All the lines below need to be transcribed exactly. Pictures get left out.
*** Block opens ***
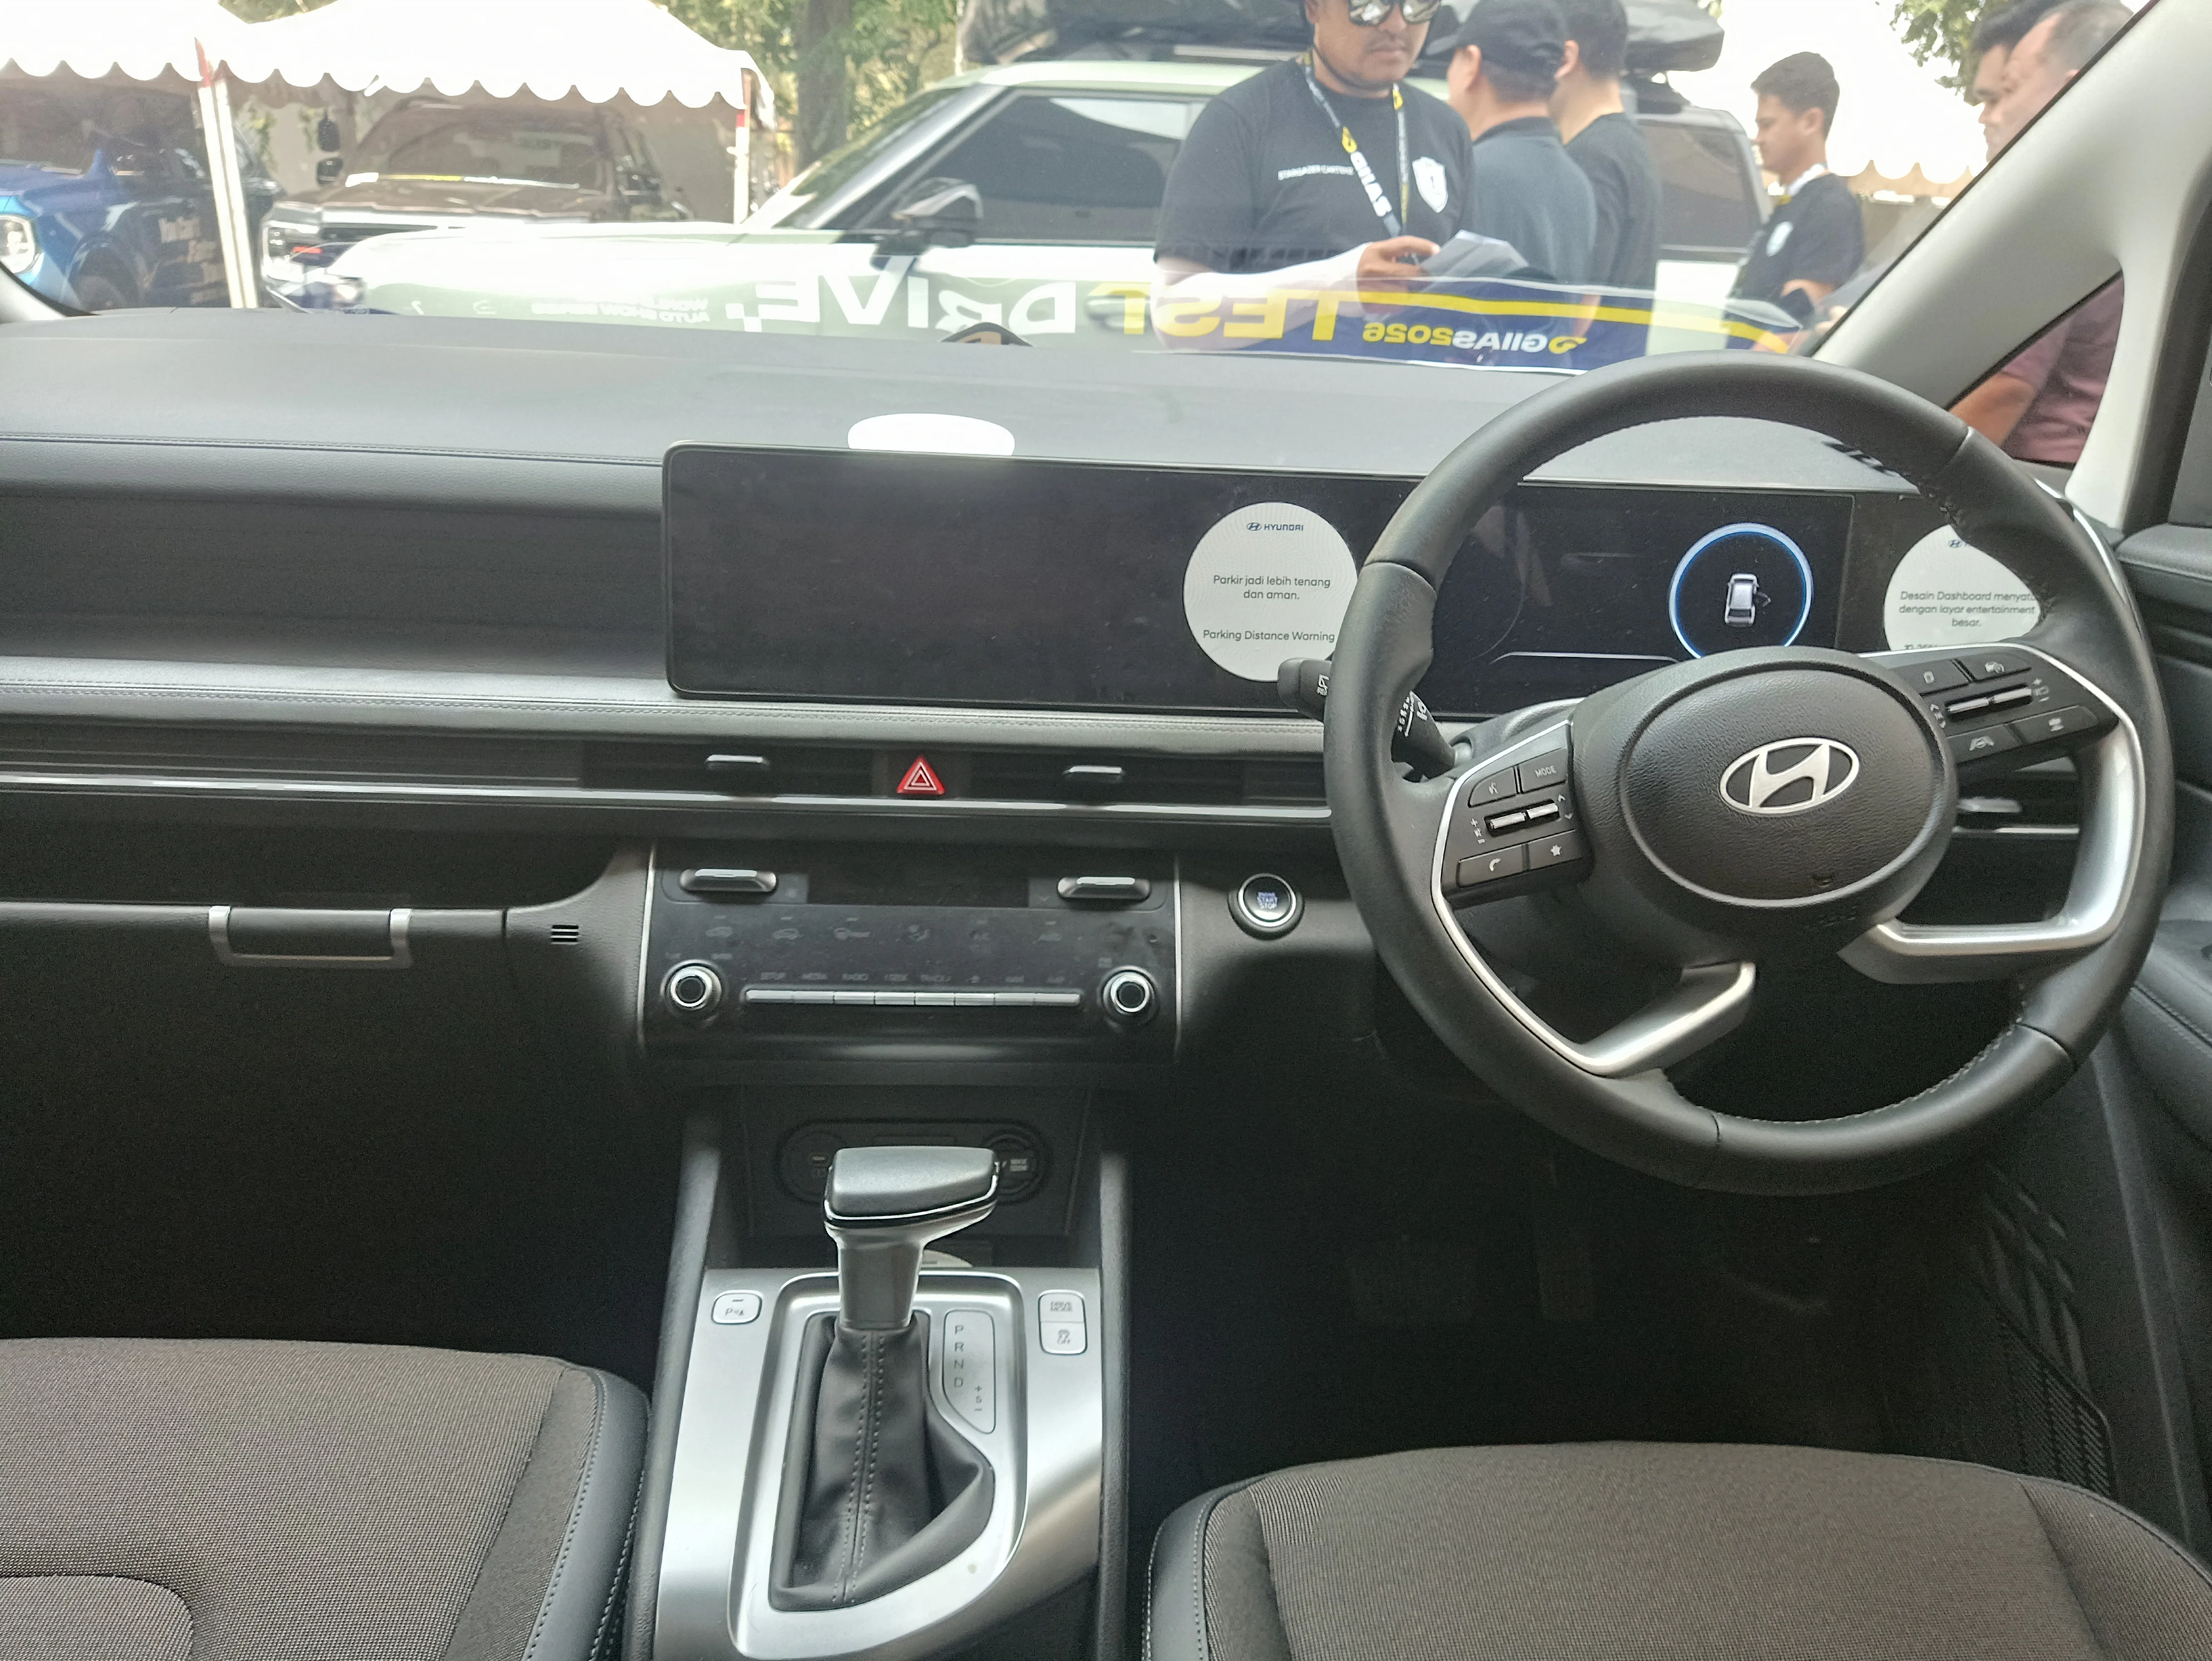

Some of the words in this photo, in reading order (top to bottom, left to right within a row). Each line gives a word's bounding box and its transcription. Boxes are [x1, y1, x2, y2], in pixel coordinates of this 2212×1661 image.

[1213, 575, 1243, 585] Parkir
[1245, 576, 1264, 587] jadi
[1267, 576, 1291, 586] lebih
[1294, 577, 1330, 588] tenang
[1243, 589, 1263, 599] dan
[1266, 591, 1299, 599] aman.
[1900, 591, 1934, 600] Desain
[1936, 591, 1991, 601] Dashboard
[1899, 605, 1937, 615] dengan
[1939, 605, 1964, 615] layar
[1966, 606, 2035, 614] entertainment
[1952, 618, 1981, 627] besar.
[1203, 630, 1241, 641] Parking
[1245, 631, 1289, 640] Distance
[1292, 631, 1335, 643] Warning
[1535, 765, 1557, 777] MODE
[955, 1325, 964, 1335] P
[954, 1342, 964, 1352] R
[954, 1358, 964, 1369] N
[954, 1377, 964, 1388] D
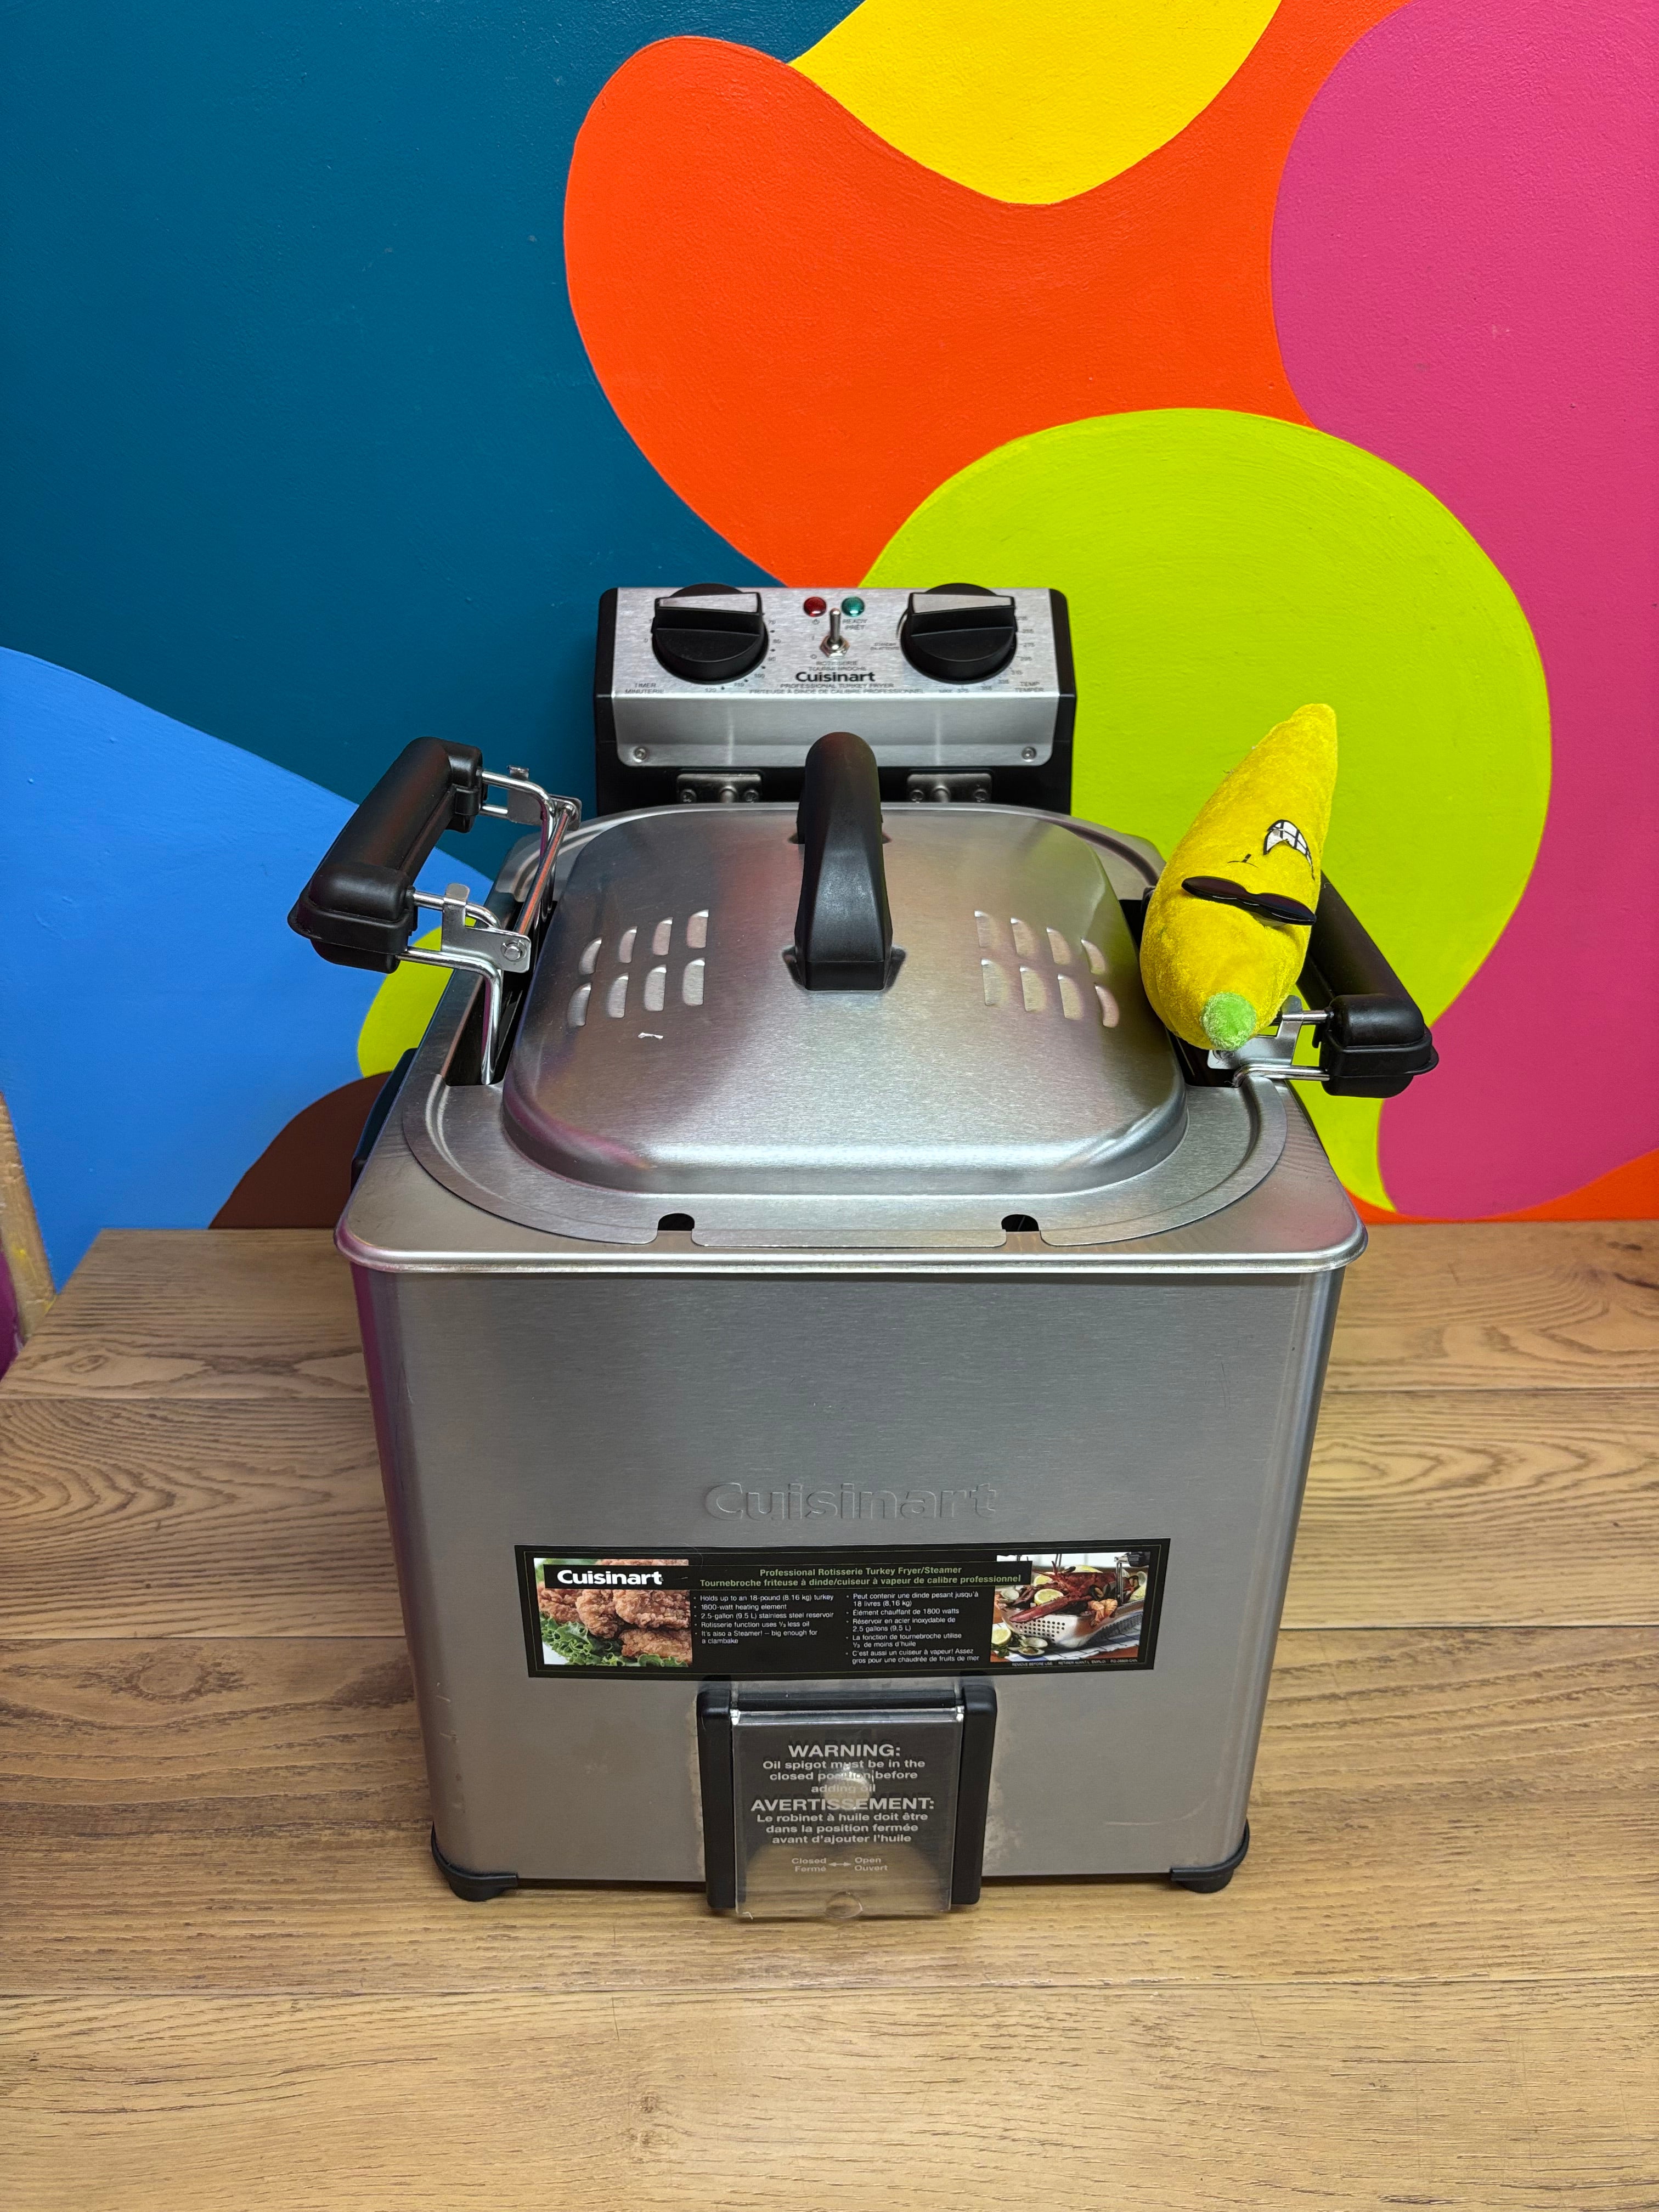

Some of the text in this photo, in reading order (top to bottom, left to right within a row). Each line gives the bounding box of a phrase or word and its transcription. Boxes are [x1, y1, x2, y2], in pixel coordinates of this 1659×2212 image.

[795, 672, 876, 682] Cuisinart
[706, 1482, 997, 1521] Cuisinart
[818, 1568, 863, 1576] Rotisserie
[866, 1567, 895, 1576] Turkey
[898, 1566, 962, 1576] Fryer/Steamer
[809, 1578, 870, 1586] dinde/cuiseur
[873, 1577, 878, 1585] à
[927, 1575, 958, 1583] calibre
[960, 1575, 1021, 1584] professionnel
[788, 1744, 900, 1757] WARNING:
[785, 1760, 826, 1771] spigot
[868, 1759, 884, 1768] be
[888, 1759, 900, 1768] in
[904, 1759, 926, 1768] the
[769, 1772, 814, 1780] closed
[875, 1771, 918, 1779] before
[811, 1784, 876, 1793] adding oil
[751, 1797, 934, 1811] AVERTISSEMENT:
[757, 1814, 772, 1822] Le
[776, 1814, 823, 1822] robinet
[827, 1813, 834, 1821] à
[838, 1813, 870, 1821] huile
[873, 1812, 899, 1821] doit
[766, 1825, 798, 1833] dans
[802, 1825, 812, 1833] la
[816, 1824, 868, 1835] position
[772, 1836, 808, 1844] avant
[811, 1835, 870, 1845] d'ajouter
*** Block closes ***
- [COMPLETED TASK]
Some of the words in this photo, in reading order (top to bottom, left to right within a row). Each line gives a word's bounding box and its transcription. Boxes are [x1, y1, x2, y2], in pixel coordinates of this 2212×1661 image.

[1213, 575, 1243, 585] Parkir
[1245, 576, 1264, 587] jadi
[1267, 576, 1291, 586] lebih
[1294, 577, 1330, 588] tenang
[1243, 589, 1263, 599] dan
[1266, 591, 1299, 599] aman.
[1900, 591, 1934, 600] Desain
[1936, 591, 1991, 601] Dashboard
[1899, 605, 1937, 615] dengan
[1939, 605, 1964, 615] layar
[1966, 606, 2035, 614] entertainment
[1952, 618, 1981, 627] besar.
[1203, 630, 1241, 641] Parking
[1245, 631, 1289, 640] Distance
[1292, 631, 1335, 643] Warning
[1535, 765, 1557, 777] MODE
[955, 1325, 964, 1335] P
[954, 1342, 964, 1352] R
[954, 1358, 964, 1369] N
[954, 1377, 964, 1388] D

Some of the text in this photo, in reading order (top to bottom, left to right within a row). Each line gives the bounding box of a phrase or word and its transcription. Boxes are [x1, y1, x2, y2], in pixel coordinates of this 1659×2212 image.

[795, 672, 876, 682] Cuisinart
[706, 1482, 997, 1521] Cuisinart
[818, 1568, 863, 1576] Rotisserie
[866, 1567, 895, 1576] Turkey
[898, 1566, 962, 1576] Fryer/Steamer
[809, 1578, 870, 1586] dinde/cuiseur
[873, 1577, 878, 1585] à
[927, 1575, 958, 1583] calibre
[960, 1575, 1021, 1584] professionnel
[788, 1744, 900, 1757] WARNING:
[785, 1760, 826, 1771] spigot
[868, 1759, 884, 1768] be
[888, 1759, 900, 1768] in
[904, 1759, 926, 1768] the
[769, 1772, 814, 1780] closed
[875, 1771, 918, 1779] before
[811, 1784, 876, 1793] adding oil
[751, 1797, 934, 1811] AVERTISSEMENT:
[757, 1814, 772, 1822] Le
[776, 1814, 823, 1822] robinet
[827, 1813, 834, 1821] à
[838, 1813, 870, 1821] huile
[873, 1812, 899, 1821] doit
[766, 1825, 798, 1833] dans
[802, 1825, 812, 1833] la
[816, 1824, 868, 1835] position
[772, 1836, 808, 1844] avant
[811, 1835, 870, 1845] d'ajouter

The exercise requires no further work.